Mohler commended Lyell’s courage in coming forward. “I stand behind her in [her public statement] and believe she is acting righteously,” he told BP.

The Louisville, Ky., church where Sills was a member, Lyell said, also “took action” following Sills’ resignation.

Louisville’s Ninth and O Baptist Church told BP it is the congregation referenced in Lyell’s statement. The church said it acted “swiftly and firmly” and that Sills is no longer a member.

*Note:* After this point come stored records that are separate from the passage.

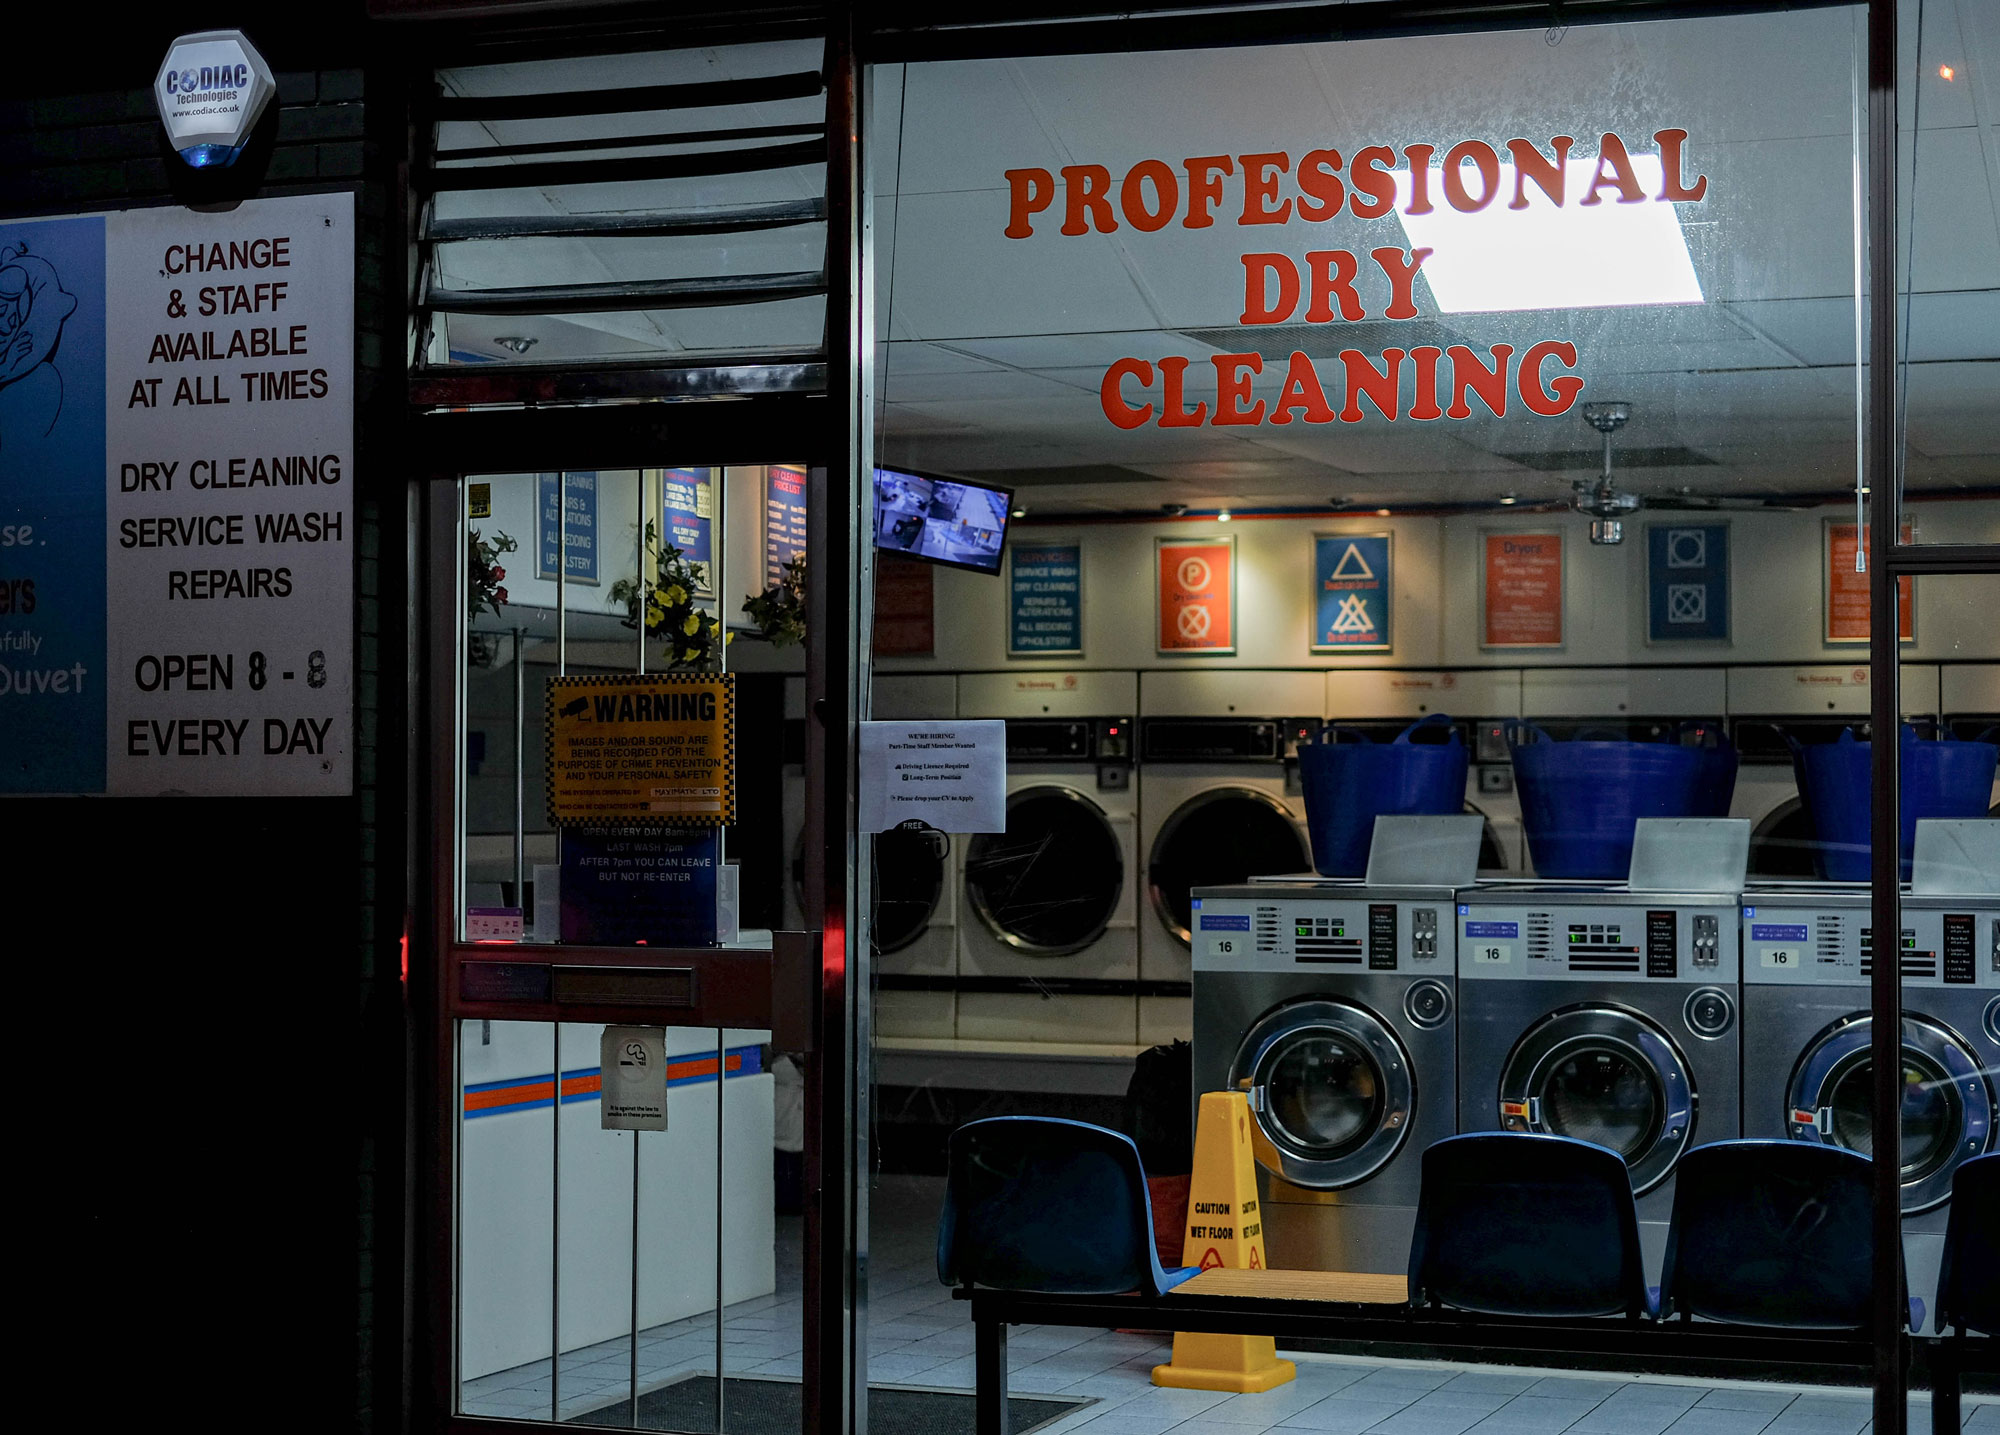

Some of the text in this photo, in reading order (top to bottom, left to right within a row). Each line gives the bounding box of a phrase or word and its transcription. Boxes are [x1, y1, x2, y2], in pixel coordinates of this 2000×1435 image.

[176, 90, 238, 105] Technologies
[172, 104, 240, 118] www.codiac.co.uk
[1003, 128, 1708, 240] PROFESSIONAL
[164, 237, 291, 276] CHANGE
[1239, 246, 1435, 326] DRY
[166, 282, 289, 319] & STAFF
[147, 325, 308, 364] AVAILABLE
[128, 368, 329, 408] AT ALL TIMES
[1100, 340, 1585, 430] CLEANING
[120, 454, 341, 492] DRY CLEANING
[119, 511, 343, 549] SERVICE WASH
[566, 533, 592, 548] EDDING
[168, 567, 293, 600] REPAIRS
[134, 649, 328, 692] OPEN 8 - 8
[594, 692, 716, 723] WARNING
[127, 717, 334, 757] EVERY DAY
[568, 736, 708, 747] IMAGES AND/OR SOUND ARE
[571, 746, 705, 758] BEING RECORDED FOR THE
[558, 758, 721, 770] PURPOSE OF CRIME PREVENTION
[566, 770, 712, 780] AND YOUR PERSONAL SAFETY
[582, 828, 609, 836] OPEN
[611, 828, 642, 836] EVERY
[644, 828, 662, 836] DAY
[902, 822, 923, 830] FREE
[606, 843, 683, 854] LAST WASH 7pm
[580, 858, 711, 868] AFTER 7pm YOU CAN LEAVE
[599, 872, 691, 882] BUT NOT RE-ENTER
[1460, 906, 1466, 914] 2
[1746, 908, 1753, 916] 3
[1218, 942, 1232, 952] 16
[1485, 948, 1500, 960] 16
[1772, 952, 1787, 964] 16
[496, 966, 512, 976] 43
[1194, 1202, 1230, 1215] CAUTION
[1190, 1226, 1234, 1240] WET FLOOR

Sills also served as an International Mission Board (IMB) trustee and a member of the IMB’s presidential search committee. He resigned from his trustee post, and as a result from the search committee, in May 2018.

Lyell decided to make her allegations public, she said, when she “learned that Dr. Sills had been appointed as a missionary with a non-SBC missions agency.”

“I now realize that despite SBTS handling the situation justly and as I asked – without stating the reason for his resignation – it led to the exact kind of scenario the SBC is now trying to prevent,” she said.

“If I were not to come forward with this [statement], a church or ministry who receives Dr. Sills’ [resume] and does an internet search for him would have no way to know the truth behind his resignation. There are plenty of reasons to stay silent in a situation such as this. But we must not be silent.”

Geiger said he contacted the other missions agency – which he identified as Global Outreach International – and they removed Sills from their employment.

In June, BP reported Sills also had resigned as president of Reaching and Teaching International Ministries, a missions organization that engages in discipleship and theological education internationally. Lyell is a former Reaching and Teaching International board member.

Reaching and Teaching International told BP in a statement that they are aware of a statement by Lyell regarding her allegations and “are committed to ensuring a culture of transparency and accountability.”

Lyell said, “It is my hope that my story, one in which a SBC entity and its leaders acted swiftly and justly … but in which that same individual was also in a ministry position only months later, will also help to illustrate the need for some form of a reporting tool that can ensure that those who have victimized others from a ministry position are unable to ever do so again.”

(EDITOR'S NOTE – This story has been edited by Biblical Recorder staff.)